サッシの歪みは、一見すると分かりにくく、見た目には特に異常がないように見えることもありますよね。しかし、わずかなズレや変形が密閉性の低下を引き起こし、雨水の侵入ルートとなってしまうケースは少なくありません。窓からの雨漏りを防ぐためには、早い段階でサッシの歪みに気づき、適切に対処することが重要です。そこでここでは、専門的な知識がなくてもチェックできる、サッシの歪みの代表的なサインをご紹介します。自宅の窓に歪みのサインが出ていないか確認する際の、チェックリストとしてぜひご活用ください。
窓の開け閉めがスムーズにできない
最も分かりやすいサインのひとつが、「窓の開け閉めがしにくい」と感じることです。引き違い窓を動かしたときに途中で引っかかったり、異常な音がする場合は、既にサッシに歪みが生じている可能性が非常に高いです。歪みでなぜ窓が動かししにくくなるかというと、サッシがわずかに曲がっていると、レールとのかみ合わせがずれて滑りが悪くなるため、動きが重く鈍くなるのです。こうした窓の歪みは、ほとんどの場合経年劣化によって引き起こされますが、大きな地震の影響で新築や築浅でも歪みやひずみが生じることはあります。また、過去にはスムーズだったのに急に開閉がしづらくなった場合は、経年劣化や建物のゆがみによってサッシが変形してきているサインかもしれません。
窓を閉めても隙間風や外の音が気になる
しっかり窓を閉めているにもかかわらず、隙間風が入ってきたり、外の音が以前より大きく聞こえると感じた場合も、サッシの歪みが疑われます。窓とサッシの密閉性が保たれていれば、基本的に気密性・遮音性はある程度確保されているものですが、歪みによって窓周辺に隙間ができると、空気や音が通りやすくなってしまうのです。「多少の隙間風程度なら問題ない」「居住スペースの窓じゃないから特に気にならない」と放置されてしまう方も多いですが、放置することで雨水が入り込み、気付いた時には窓枠が腐ってボロボロになってしまっていた、なんてケースも実際に目にします。隙間風は分かりやすいサッシの歪みのサインですので、見逃さないようにしましょう。
サッシの枠と窓の間に不自然な段差や歪みがある
窓を閉めたときに、上下または左右どちらかの隙間が広かったり、サッシの枠と窓の間に不自然な段差が見られるようなら、それもサッシの歪みのサインである可能性が高くなります。サッシとガラスの隙間が均等でない場合や、ゴムパッキンが浮いていたりよれている場合は、歪みやたわみが原因でしっかり押さえつけられていない可能性があります。

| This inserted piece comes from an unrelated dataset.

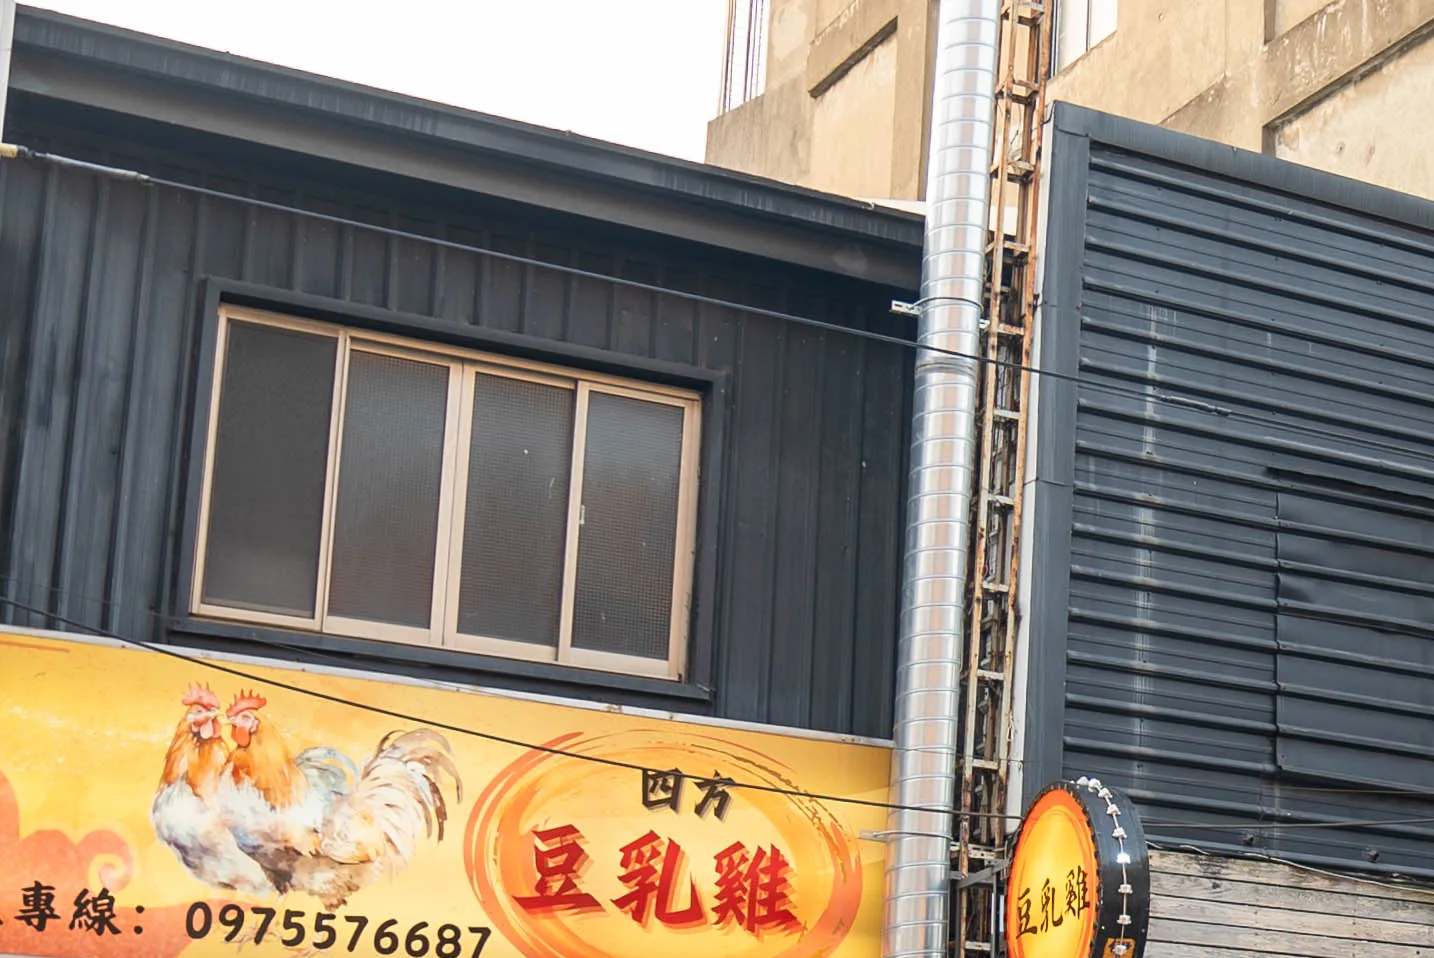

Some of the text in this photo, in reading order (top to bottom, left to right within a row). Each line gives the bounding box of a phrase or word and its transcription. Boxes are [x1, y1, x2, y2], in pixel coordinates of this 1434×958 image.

歪みやたわみは近くで見ていても意外にも気付きにくく、カーテンなどで隠れてしまうわずかなものもあるため、ちょっと遠目で観察してみたりサッシと枠に触れて段差がないか確認するようにすると、気付きやすくなります。
窓からの雨漏りを防ぐ方法はある?

ここまででサッシの歪みやシーリングの劣化など、窓まわりの不具合が雨漏りの原因になることを、知っていただくことができたのではないかと思います。なんとなく放置しがちな窓回りの不調ですが、放置することが危険であることが再認識できましたね。では、窓からの雨漏りのリスクに対して、私たちはどのような予防を行っていけばいいのでしょうか。雨漏りは起きてからでは修理費がかかってしまったり、窓周辺だけではなく断熱材や窓枠、壁紙などの修復費用がかかってしまいます。雨漏りは起こさないように予防するのが大切です。そこでここでは、窓からの雨漏りを防ぐ方法について詳しく解説をしていきます。
定期的にサッシや窓枠を点検・清掃する
窓からの雨漏りを防ぐためには、サッシや窓枠を定期的に点検・掃除することが大切です。とくに窓下部の排水口(ドレインホール)はゴミやホコリで詰まりやすく、水の逃げ道がふさがれると雨漏りのリスクが一気に高まります。歯ブラシや綿棒などを使って汚れを取り除き、スムーズに排水できる状態をを維持できるように工夫しましょう。また、ガラス周囲のゴムパッキンやシーリング部分もチェックし、ひび割れや剥がれがないか確認する習慣をつけることが大切です。雨漏りにつながりそうな症状があれば、すぐにプロの専門業者に点検を依頼し、必要に応じた修理を行ってもらうようにしましょう。
異常を感じたら早めに専門業者へ相談する
窓の開閉がしづらくなったり、隙間風や異音などの異常を感じたときは、できるだけ早く専門業者に相談することが大切です。サッシの歪みや取り付けのズレなどは、自分で修正するのが難しく、無理に触ってしまうとかえって状態を悪化させてしまう可能性があります。DIYに慣れているという方でも、窓枠の修理は難しい部分です。専門知識と技術があるプロの目で直接現場を確認してもらい、必要であればシーリングの打ち直しやサッシの交換、再調整といった適切な対処を行ってもらうことで、被害の拡大を未然に防ぐことができます。また「今現状特にトラブルがない」という方でも、年に一度程度の点検を実施することで、自分では気付かないうちに進行していたサッシの歪みやひずみに対処することができます。
築年数に応じて外装リフォームも検討する
築10年以上が経過している住宅では、窓まわりの部材が目に見えない部分で劣化しているケースも多く見られます。特に外壁との接合部や、シーリング材の経年劣化が進んでいると、雨漏りのリスクはとても高くなります。築年数に応じて外装の定期点検を受け、必要に応じて外壁塗装やシーリングの全面打ち替え、場合によっては窓の交換などの外装リフォームを検討することも大切です。見た目の美しさだけでなく、住まいの防水性能や耐久性を維持するためにも、適切なタイミングでのメンテナンスが重要です。また築10年以上経過している住宅であれば、屋根や外壁のメンテナンスの適切な時期に重なっていることもあります。高所にある窓で外部からの修理が必要となれば足場費用が必要になることもありますので、屋根や外壁の点検・メンテナンスも同時に行うと、足場代の節約をすることも可能です。